The law also includes requirements for reading risk screening and a mandate that educator preparation programs align with evidence-based literacy instruction.

What the new law means for Burlington

Burlington began moving toward evidence-based literacy before it was a legal requirement. Gordon credited the district's leadership with making that call. "They realized that there was a better way to do it," he said, noting that a new superintendent or principal is often what prompts a district to change course. In Burlington's case, that leadership came from long-time Superintendent Eric Conti and has been carried forward under the direction of Assistant Superintendent Lisa Chen.

After a multi-year literacy review, Burlington just completed Year 1 of implementing Amplify CKLA — a curriculum the new law would categorize as high-quality instructional materials — in its elementary schools and recently adopted the CommonLit 360 English Language Arts curriculum for grades 6–8. In a statement to Burlington Buzz, Chen wrote that the district has trained 40 educators in LETRS (Language Essentials for Teachers of Reading and Spelling), and continues using DIBELS 8 as a universal literacy screener for all students, already aligned with what the law now requires statewide.

The district has additionally provided specialized training for reading specialists, special education team chairs, and middle school literacy teachers, in partnership with Dr. Gail Lovette of the University of Virginia.

"Our goal is to continue, build, and strengthen teacher capacity in evidence-based structured literacy instruction," Chen said. "I am in full support of this legislation and am incredibly grateful for Representative Ken Gordon's support of this bill."

Chen said the district was also selected to participate in the Massachusetts Dyslexia Institute, leading a district-wide team through a year of professional learning focused on dyslexia-informed practices — directly relevant to the law's expanded dyslexia screening requirements, which now mandate that districts screen all K–3 students for reading risk at least twice per year and notify parents within 30 days and develop a response plan if a child is found to be significantly below grade-level benchmarks.

Chen specifically recognized K–8 Literacy Coordinator Dr. Bonnie Nichols, who she said has worked closely with principals and teacher leaders to support the early literacy curriculum adoption. She said Nichols also secured the PRISM II Grant that funded additional professional development to support teachers with the transition. The district has also applied for the PRISM III Grant to support its CommonLit 360 adoption at the middle school level.

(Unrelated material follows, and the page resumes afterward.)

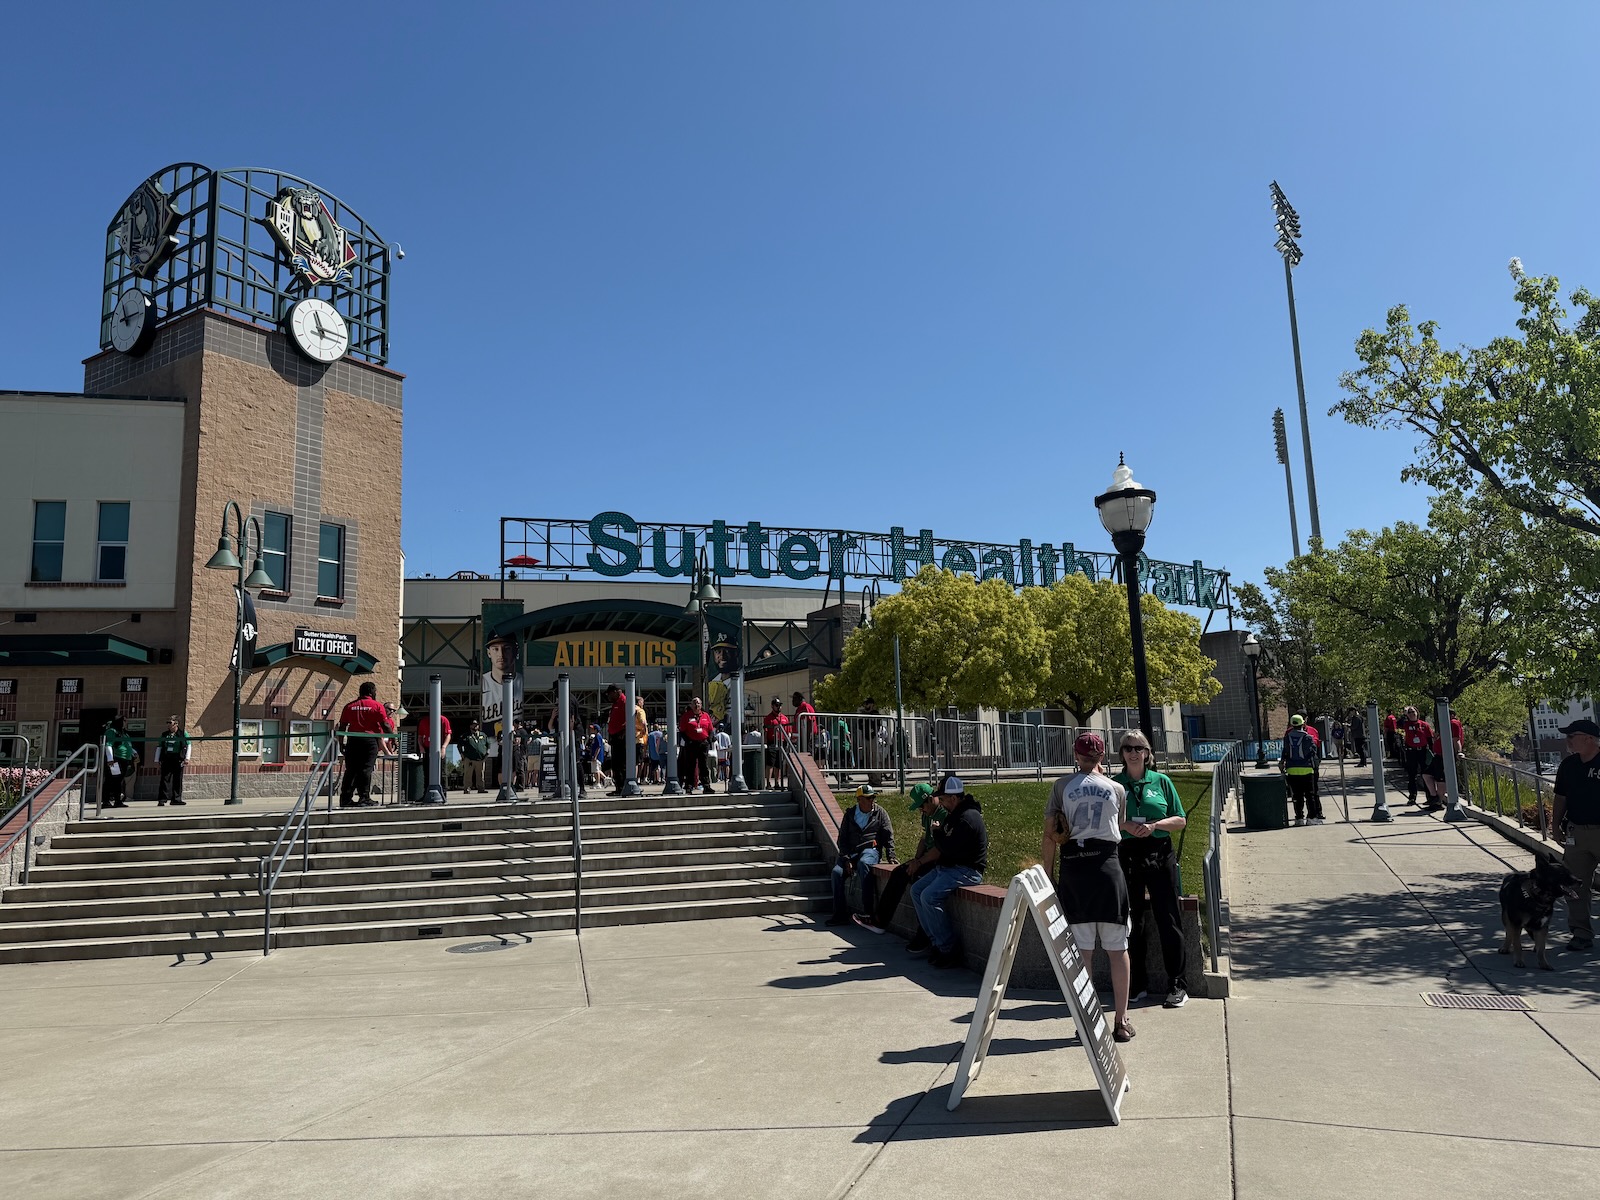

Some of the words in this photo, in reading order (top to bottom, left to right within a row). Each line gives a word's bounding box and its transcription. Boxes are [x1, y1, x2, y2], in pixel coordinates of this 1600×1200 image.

The work Burlington has done over the last several years — training teachers, updating materials, building educator capacity — is what turns a curriculum adoption into actual reading gains for kids in Burlington classrooms.

What comes next statewide

The state Department of Elementary and Secondary Education now has six months to publish its list of approved high-quality K–3 curricula and notify districts that a free alternative will be available before the 2027 deadline. Districts must be in compliance — or have an approved waiver — before the 2027–2028 school year begins. Annual reporting on curriculum alignment begins that same year, with a public statewide report due by December 31, 2027.

Gordon acknowledged that for some districts, particularly smaller and more rural ones still using photocopied paper-based materials, the transition will require real investment and support. The law's funding mechanisms, he said, are meant to make sure cost isn't the barrier that keeps kids from learning to read.